Dans l'extraordinaire aventure de Citroën aux USA, il y a un aspect assez peu connu en France, c'est la présence des garages "multi-marques". Aux états-unis, il était très courant de rencontrer des garages proposant plusieurs marques de véhicules, surtout pour les marques étrangères. En France, cela était rarissime, même de nos jours il n'y en a pas beaucoup ! Lorsque Citroën s'installe au USA dans les années cinquante, elle choisi de former des volontaires et de les nommer "dealer officiel*" après avoir réussi toutes les étapes nécessaires pour être un bon "dealer Citroën". Citroën USA n'hésitait pas à faire de la publicité pour trouver ses futurs colaborateurs.
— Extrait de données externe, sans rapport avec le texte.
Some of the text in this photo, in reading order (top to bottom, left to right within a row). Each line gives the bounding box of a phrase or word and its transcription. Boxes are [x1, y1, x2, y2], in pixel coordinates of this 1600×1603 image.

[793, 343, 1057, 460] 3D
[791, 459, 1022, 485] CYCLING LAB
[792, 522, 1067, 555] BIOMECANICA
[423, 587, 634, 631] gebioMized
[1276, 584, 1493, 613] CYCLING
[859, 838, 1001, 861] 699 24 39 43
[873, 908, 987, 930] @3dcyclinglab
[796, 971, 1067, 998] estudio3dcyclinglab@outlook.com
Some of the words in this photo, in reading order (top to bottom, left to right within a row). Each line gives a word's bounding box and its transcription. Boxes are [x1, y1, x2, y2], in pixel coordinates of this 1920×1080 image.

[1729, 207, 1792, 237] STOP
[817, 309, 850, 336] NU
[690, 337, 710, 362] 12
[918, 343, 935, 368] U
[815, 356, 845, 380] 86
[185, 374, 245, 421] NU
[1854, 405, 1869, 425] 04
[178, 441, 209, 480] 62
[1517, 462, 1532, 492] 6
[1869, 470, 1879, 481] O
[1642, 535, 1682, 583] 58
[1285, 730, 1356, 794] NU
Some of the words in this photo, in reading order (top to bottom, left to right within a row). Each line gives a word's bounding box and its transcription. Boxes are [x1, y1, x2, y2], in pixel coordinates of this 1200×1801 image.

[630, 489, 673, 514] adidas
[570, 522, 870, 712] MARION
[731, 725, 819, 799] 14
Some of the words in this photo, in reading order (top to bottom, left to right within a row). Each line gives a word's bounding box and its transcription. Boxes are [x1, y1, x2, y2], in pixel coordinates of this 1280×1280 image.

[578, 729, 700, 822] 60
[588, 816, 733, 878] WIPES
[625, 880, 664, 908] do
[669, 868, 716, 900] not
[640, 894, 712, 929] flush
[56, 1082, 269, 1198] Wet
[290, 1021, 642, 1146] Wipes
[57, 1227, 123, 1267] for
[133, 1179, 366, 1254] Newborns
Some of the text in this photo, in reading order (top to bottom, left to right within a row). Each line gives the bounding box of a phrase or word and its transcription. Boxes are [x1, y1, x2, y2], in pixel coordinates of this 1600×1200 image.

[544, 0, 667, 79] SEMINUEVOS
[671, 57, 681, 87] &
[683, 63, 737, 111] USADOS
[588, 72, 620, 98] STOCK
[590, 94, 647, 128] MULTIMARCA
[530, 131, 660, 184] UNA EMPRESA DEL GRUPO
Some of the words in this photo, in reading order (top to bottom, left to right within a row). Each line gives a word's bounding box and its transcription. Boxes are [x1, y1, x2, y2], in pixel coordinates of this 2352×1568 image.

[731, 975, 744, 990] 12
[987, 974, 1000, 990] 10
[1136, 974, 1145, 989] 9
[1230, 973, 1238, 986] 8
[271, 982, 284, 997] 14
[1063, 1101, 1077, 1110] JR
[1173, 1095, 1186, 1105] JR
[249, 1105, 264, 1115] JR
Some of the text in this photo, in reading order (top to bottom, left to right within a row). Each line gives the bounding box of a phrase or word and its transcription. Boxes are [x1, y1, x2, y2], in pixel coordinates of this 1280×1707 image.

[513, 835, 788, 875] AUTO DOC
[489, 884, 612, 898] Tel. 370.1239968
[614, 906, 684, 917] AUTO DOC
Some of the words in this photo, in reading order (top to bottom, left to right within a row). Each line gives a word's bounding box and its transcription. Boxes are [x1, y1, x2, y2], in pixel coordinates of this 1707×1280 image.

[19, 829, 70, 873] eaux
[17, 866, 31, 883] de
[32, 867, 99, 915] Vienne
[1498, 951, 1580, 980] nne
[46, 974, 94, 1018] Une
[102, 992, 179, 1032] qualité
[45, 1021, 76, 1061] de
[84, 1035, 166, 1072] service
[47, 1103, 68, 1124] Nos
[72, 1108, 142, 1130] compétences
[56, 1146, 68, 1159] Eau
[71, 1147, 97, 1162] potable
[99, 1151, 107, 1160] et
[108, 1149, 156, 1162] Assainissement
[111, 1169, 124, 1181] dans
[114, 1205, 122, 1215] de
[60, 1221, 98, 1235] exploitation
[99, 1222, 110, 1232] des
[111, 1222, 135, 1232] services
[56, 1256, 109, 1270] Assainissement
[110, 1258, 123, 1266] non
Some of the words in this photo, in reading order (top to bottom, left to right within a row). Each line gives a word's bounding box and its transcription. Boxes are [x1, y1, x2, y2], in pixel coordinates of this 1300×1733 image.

La marque intéressait beaucoup de monde, provenant du milieu de l'automobile professionnel, souvent déjà propriétaire de garages "multi-pmarques". Bien qu'étant très compétents, Citroën voyait d'un mauvais œil l'idée de co-exister avec d'autres marques, elle refusait par conséquence d'autoriser les demandeurs de mettre le panneau officiel "citroën".
* vendeur Citroën

Panneau officiel d'un dealer Citroën "exclusif". Néanmoins, très pragmatique, Citroën USA diffusait la liste de tous les dealers vendant des Citroën, les "exclusifs" et les "multi-marques" !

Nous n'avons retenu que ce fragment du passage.